Seller Bharat Singh says that the berries come with the rains, and will be gone in about a month. He is selling them in Sector 15 of Gurugram for Rs 130 a kg. * Dark blue berries are piled on his cart like sand dunes in the desert. Incense sticks are lit “to avoid flies”. Sweating profusely on a sultry afternoon, the hawker says that just a week ago he was selling coconut pieces. “These jamuns are from Agra, they get them from the market… in 2-3 days I will get jamuns from Punjab, who are juicers.”

It’s good to patronize jamun hawkers, but you can also pick berries for free. These days, many of Delhi’s streets look like blood-soaked battlefields, with tiny pulpy fruits that fall from trees, their inners and purple juices oozing out from the feet of pedestrians. This is especially true of tree-heavy central Delhi paved – routes on Subramanya Bharati Marg for example, especially the section running along Rabindra Nagar. In Connaught Place, en block outside the metro, a tree is crowded with berries. On Dr Rajendra Prasad Road, a hawker is seen sitting under a jamun tree with a basket of jamuns (sitting on an empty soft drink crate).

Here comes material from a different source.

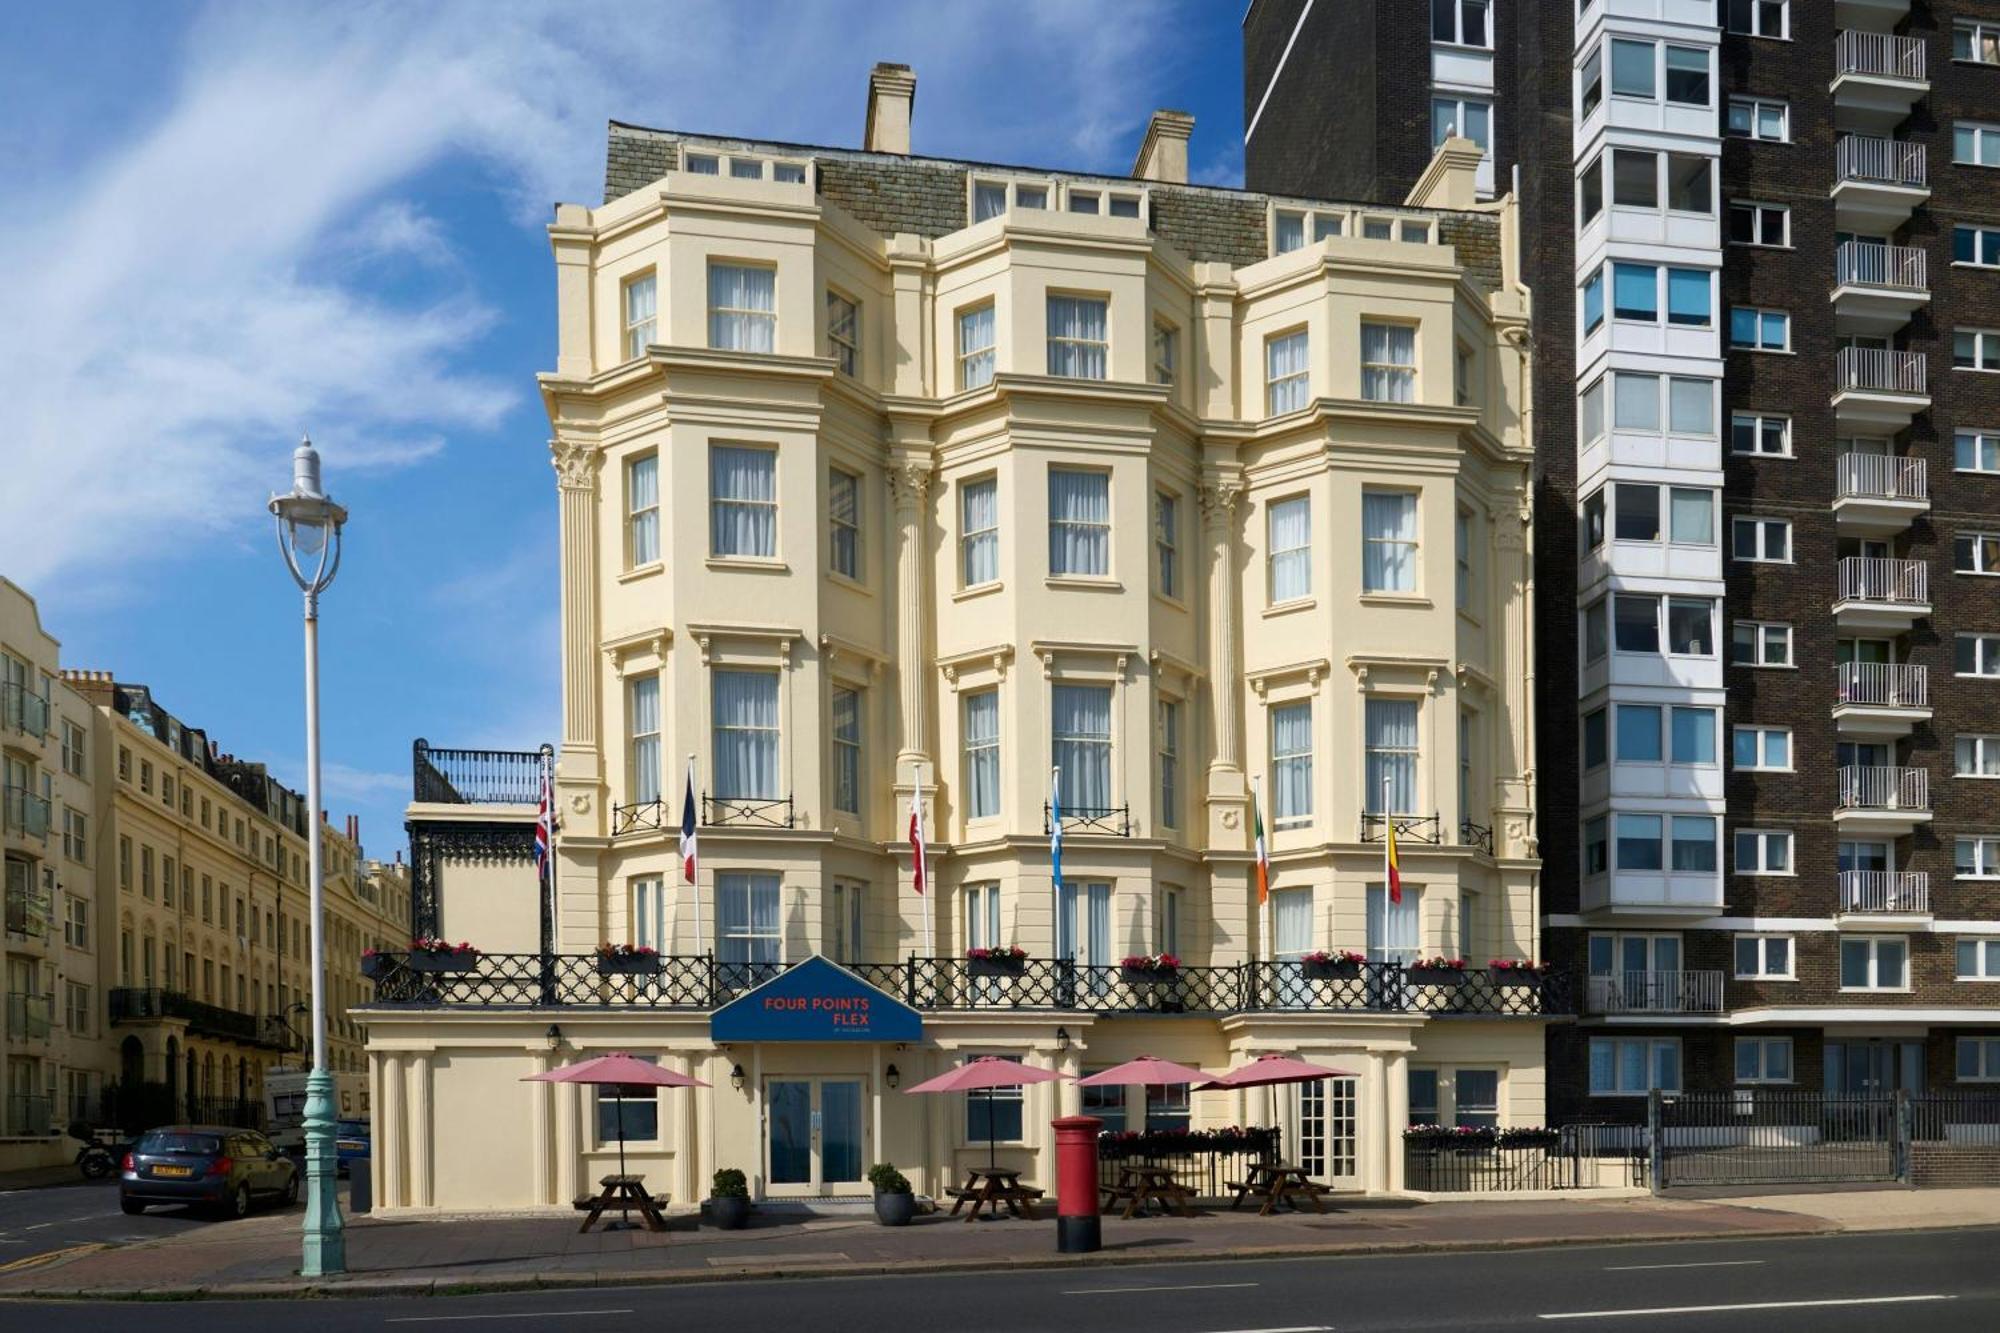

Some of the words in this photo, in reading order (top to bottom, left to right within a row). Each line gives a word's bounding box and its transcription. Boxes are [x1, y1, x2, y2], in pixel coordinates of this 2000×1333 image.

One recent afternoon, the otherwise lifeless park was filled with men in a posh ‘hood. He placed a blue tarpaulin under a jamun tree, as one of the members of the crowd began thrashing the branches with a long steel rod. The berries fell like a hailstorm.

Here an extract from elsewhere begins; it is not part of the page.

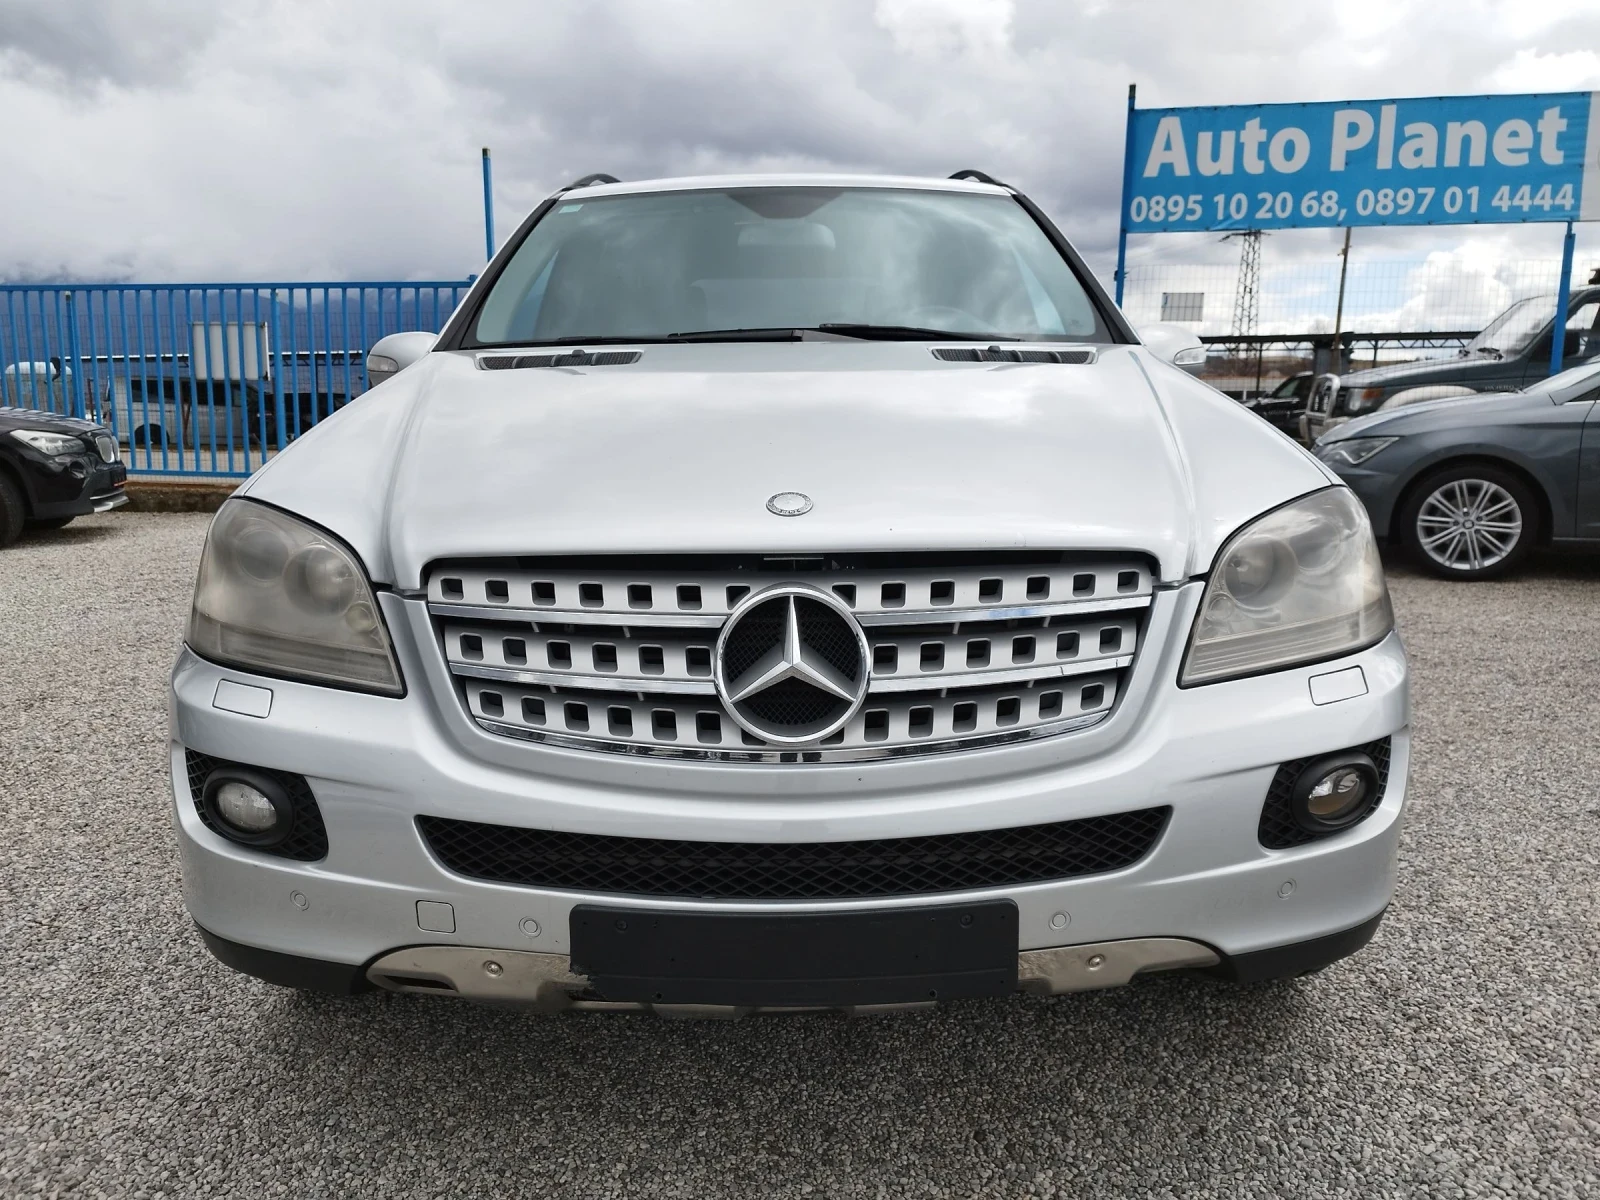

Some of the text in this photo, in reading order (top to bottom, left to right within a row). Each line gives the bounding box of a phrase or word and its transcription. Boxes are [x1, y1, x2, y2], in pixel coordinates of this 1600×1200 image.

[1143, 105, 1568, 177] Auto Planet
[1130, 184, 1575, 222] 0895 10 20 68, 0897 01 4444

Interestingly, Delhi’s great mango lover poet Mirza Ghalib has remained silent on the jamuns. Sitting in his office, Ghalib Academy secretary Aqeel Ahmed instead read a couple of couplets from Josh Malihabadi (about whom he wrote his thesis) dedicated to Jamun. Here’s one:

These are scattered swirls, these are black berries

This is Gulshan, this is the decrease of Sawan

[These dispersed hair are black jamun

Like the rain clouds spread upon the orchard.]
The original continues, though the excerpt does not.